Leptodactylus peritoaktites
- Conservation status: Endangered (IUCN 3.1)

Scientific classification
- Kingdom: Animalia
- Phylum: Chordata
- Class: Amphibia
- Order: Anura
- Family: Leptodactylidae
- Genus: Leptodactylus
- Species: L. peritoaktites
- Binomial name: Leptodactylus peritoaktites Heyer, 2005

= Leptodactylus peritoaktites =

- Genus: Leptodactylus
- Species: peritoaktites
- Authority: Heyer, 2005
- Conservation status: EN

Species of frog

Leptodactylus peritoaktites, the coastal dweller thin-toed frog, coastal Ecuador smoky jungle frog, or rana dedilarga de la costa, is a species of frog in the family Leptodactylidae. It is endemic to Ecuador.

==Description==
The adult male frog measures 124 to 146.3 mm in snout-vent length and the adult female frog 115.3-133.1 mm. This frog has a large, robust body. The skin of the dorsum is brown with two bands. The upper lip has dark marks on it, some reaching each eye. The tympanum and flanks are dark brown. The forelegs have dark stripes across them. The ventral area is brown with cream-white spots.

==Etymology==
Scientists named the frog peritoaktites from the Greek peritos for "west" and aktites for "coastal dweller."

==Habitat==
Scientists observed the frog in rainforests in western Ecuador as high as 600 m above sea level.

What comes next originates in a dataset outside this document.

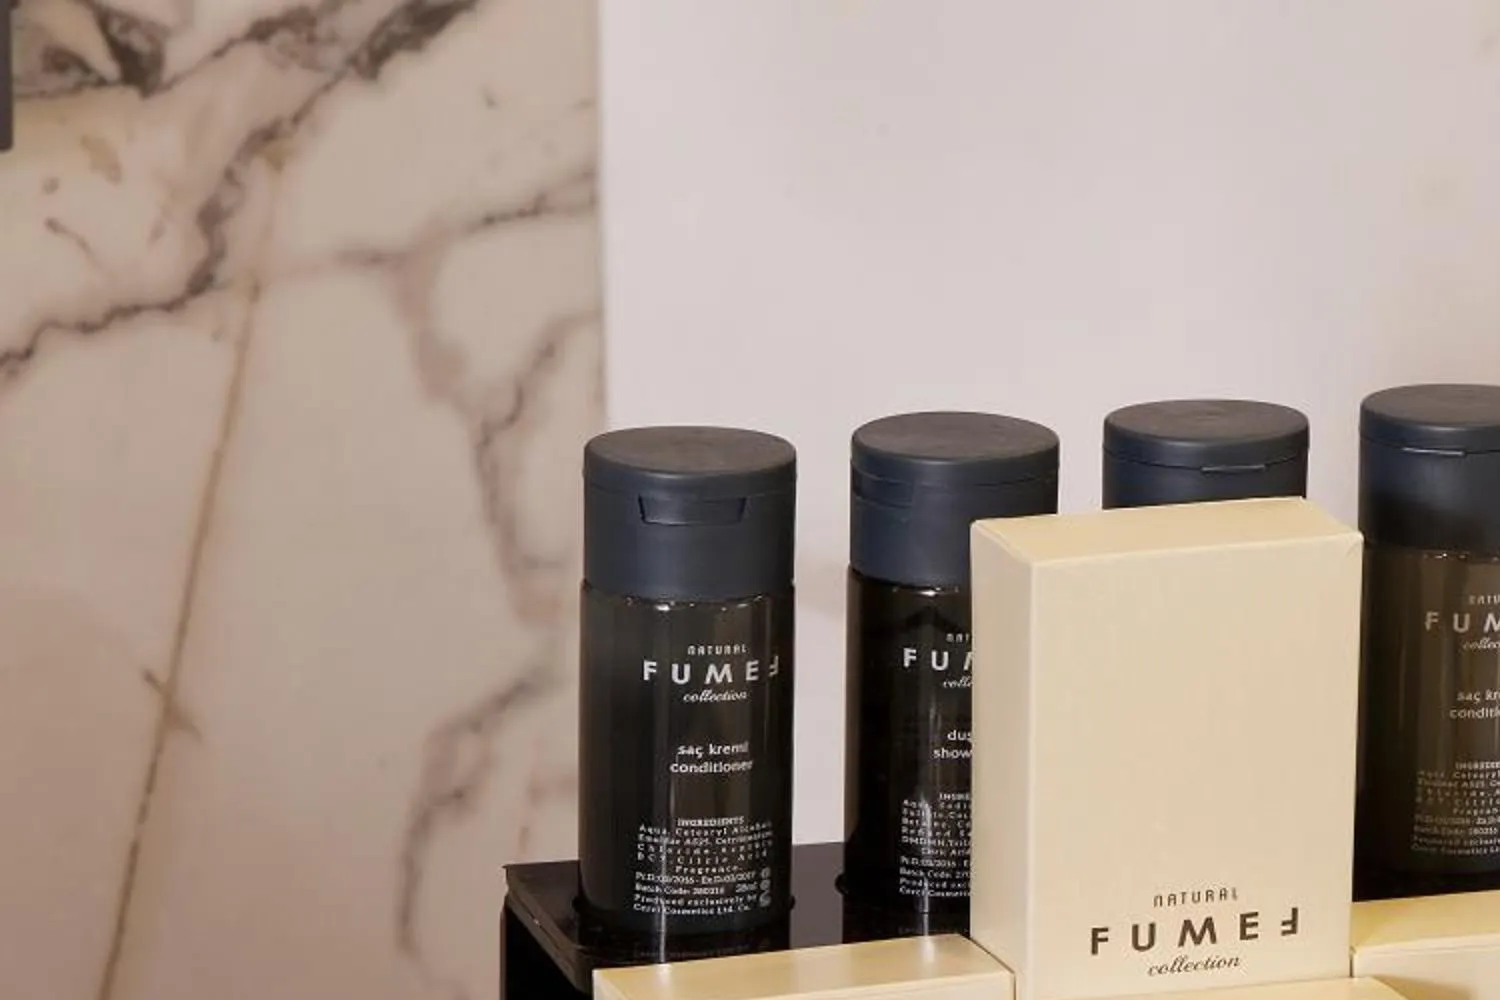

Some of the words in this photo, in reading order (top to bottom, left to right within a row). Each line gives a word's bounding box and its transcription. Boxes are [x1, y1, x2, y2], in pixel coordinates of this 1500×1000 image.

[683, 688, 748, 702] collection
[670, 760, 753, 773] conditioner
[1148, 954, 1241, 976] collection

Scientists saw the frog inside some protected places: Bosque Protector la Perla, Mache-Chindul Ecological Reserve, and the Reserva Jama-Coaque.

==Relationship to humans==
Local people sometimes catch this frog to eat.

==Reproduction==
Scientists believe this frog has young in streams.

==Threats==
The IUCN classifies this frog as endangered. The principal threats are deforestation in favor of agriculture and unsustainable timber harvesting.